[Opening Exercise data section]

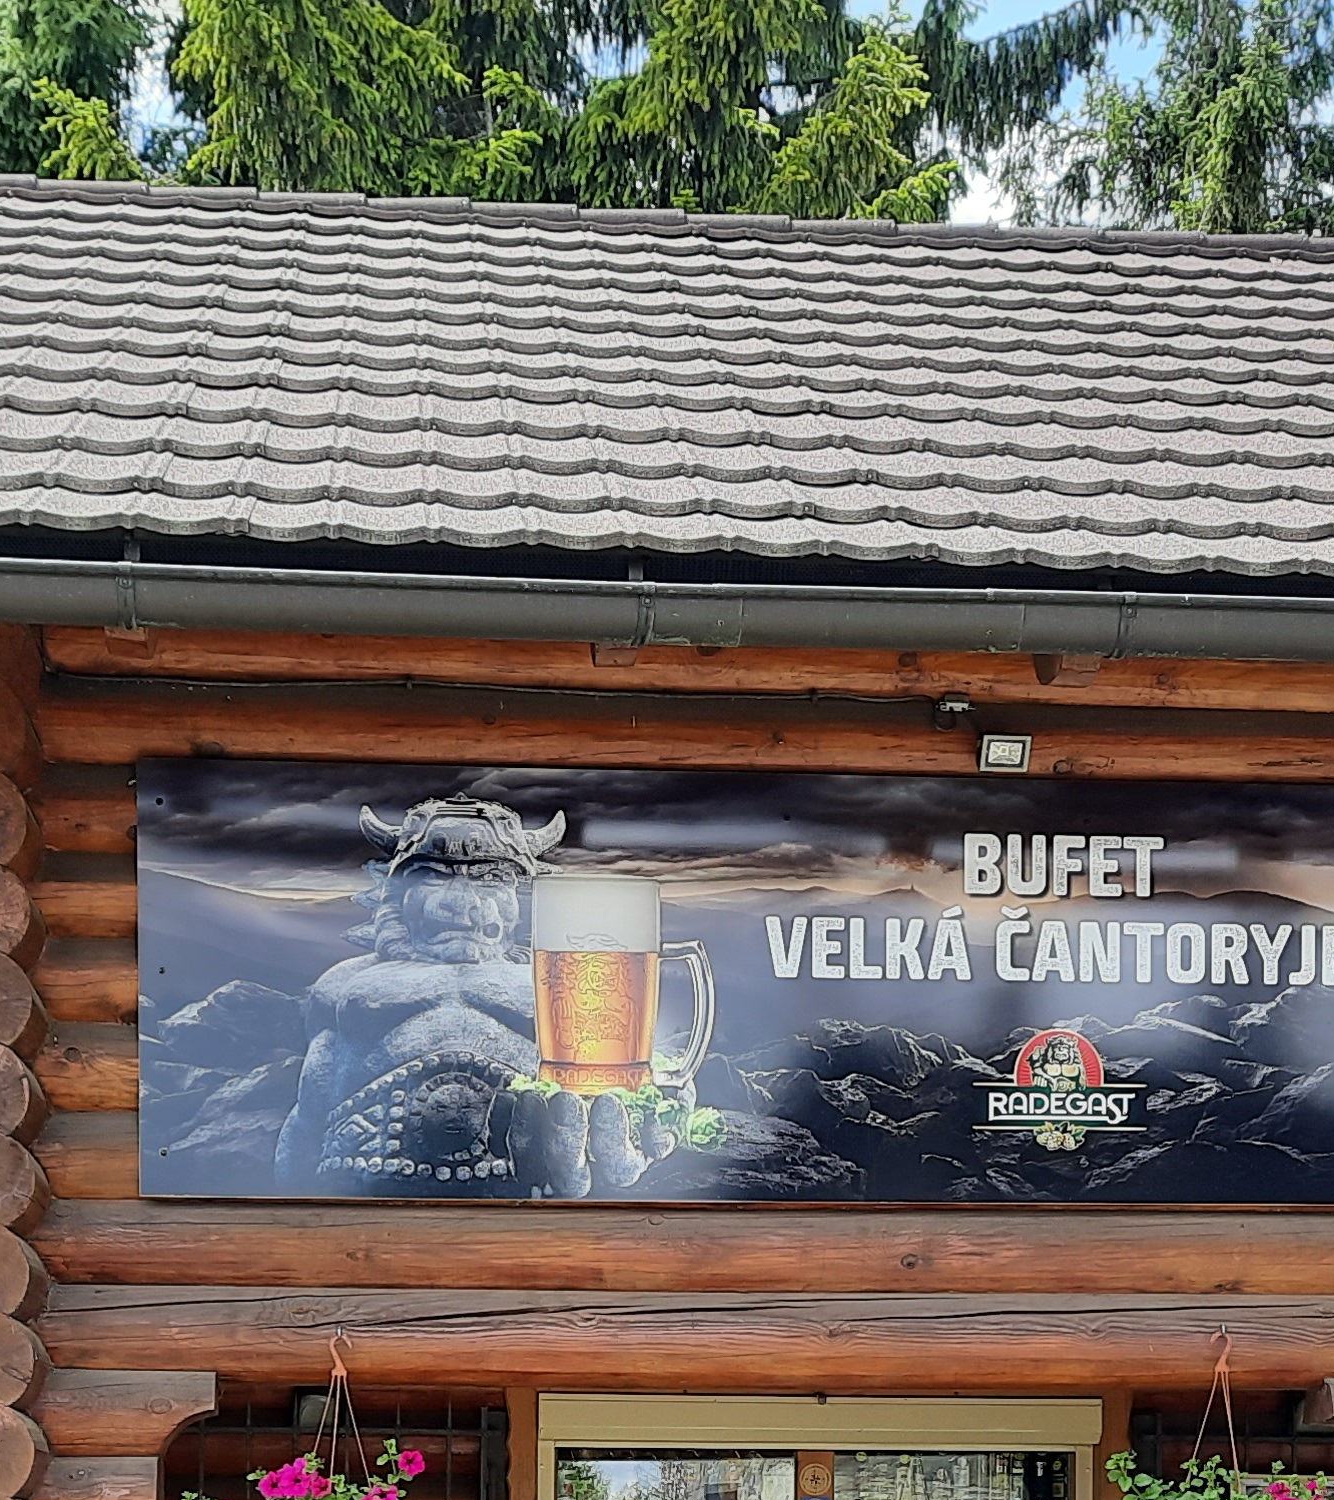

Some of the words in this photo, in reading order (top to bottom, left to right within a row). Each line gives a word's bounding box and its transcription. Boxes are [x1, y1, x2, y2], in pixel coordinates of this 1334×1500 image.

[964, 832, 1166, 897] BUFET
[766, 905, 972, 982] VELKÁ
[552, 1068, 641, 1092] RADEGAST
[988, 1091, 1136, 1125] RADEGAST

[Closing Exercise data section]

**Exercise aim**
What is needed is a word-for-word restatement of the entries, minus any pictures.

**Response to this exercise**
Some of the words in this photo, in reading order (top to bottom, left to right within a row). Each line gives a word's bounding box and its transcription. Boxes are [x1, y1, x2, y2], in pixel coordinates of this 1334×1500 image.

[964, 832, 1166, 897] BUFET
[766, 905, 972, 982] VELKÁ
[552, 1068, 641, 1092] RADEGAST
[988, 1091, 1136, 1125] RADEGAST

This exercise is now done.